A convolutional neural network is a neural network that uses a convolution operation instead general matrix multiplication in at least one of its layers (so-called “convolutional layer”). In particular, a convolutional layer performs a dot product of one or more convolution kernels with the convolutional layer's input data/image, wherein the entries of the one or more convolution kernel are the parameters or weights that are adapted by training. In particular, one can use the Frobenius inner product and the ReLU activation function. A convolutional neural network can comprise additional layers, e.g., pooling layers, fully connected layers, and normalization layers.
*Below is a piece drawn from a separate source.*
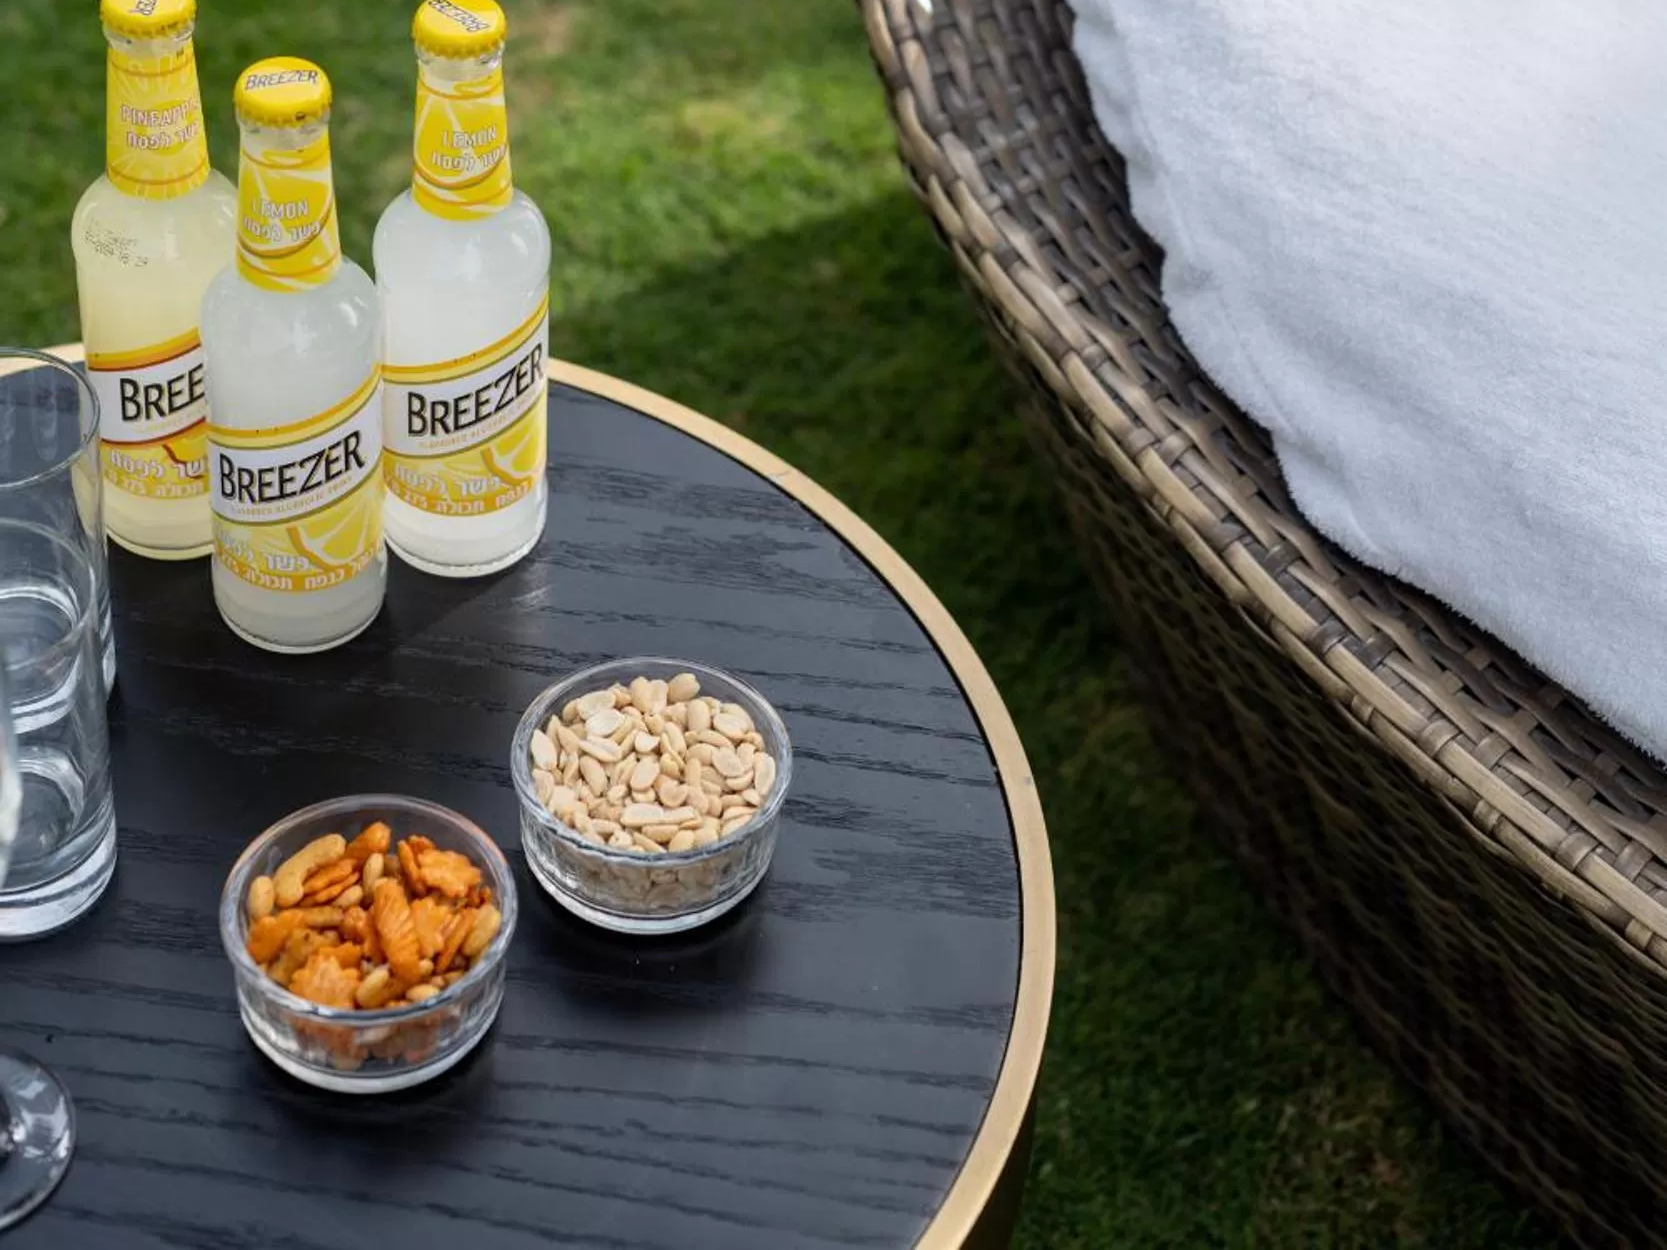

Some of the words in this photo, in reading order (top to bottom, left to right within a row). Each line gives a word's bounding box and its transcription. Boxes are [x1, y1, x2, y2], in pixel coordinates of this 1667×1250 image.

By using convolutional neural networks input images can be processed in a very efficient way, because a convolution operation based on different kernels can extract various image features, so that by adapting the weights of the convolution kernel the relevant image features can be found during training. Furthermore, based on the weight-sharing in the convolutional kernels less parameters need to be trained, which prevents overfitting in the training phase and allows to have faster training or more layers in the network, improving the performance of the network.
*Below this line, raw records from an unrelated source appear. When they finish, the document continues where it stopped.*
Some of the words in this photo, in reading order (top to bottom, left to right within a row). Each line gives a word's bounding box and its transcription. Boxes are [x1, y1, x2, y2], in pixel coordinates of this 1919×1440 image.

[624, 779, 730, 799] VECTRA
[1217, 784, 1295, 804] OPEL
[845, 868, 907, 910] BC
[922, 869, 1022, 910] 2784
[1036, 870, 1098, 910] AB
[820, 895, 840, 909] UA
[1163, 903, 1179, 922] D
FIG. 7 shows an embodiment of a convolutional neural network 700 that may be used to implement one or more machine learning models described herein. In the displayed embodiment, the convolutional neural network comprises 700 an input node layer 710, a convolutional layer 711, a pooling layer 713, a fully connected layer 714 and an output node layer 716, as well as hidden node layers 712, 714. Alternatively, the convolutional neural network 700 can comprise several convolutional layers 711, several pooling layers 713 and several fully connected layers 715, as well as other types of layers. The order of the layers can be chosen arbitrarily, usually fully connected layers 715 are used as the last layers before the output layer 716.

In particular, within a convolutional neural network 700 nodes 720, 722, 724 of a node layer 710, 712, 714 can be considered to be arranged as a d-dimensional matrix or as a d-dimensional image. In particular, in the two-dimensional case the value of the node 720, 722, 724 indexed with i and j in the n-th node layer 710, 712, 714 can be denoted as x(n)[i, j]. However, the arrangement of the nodes 720, 722, 724 of one node layer 710, 712, 714 does not have an effect on the calculations executed within the convolutional neural network 700 as such, since these are given solely by the structure and the weights of the edges.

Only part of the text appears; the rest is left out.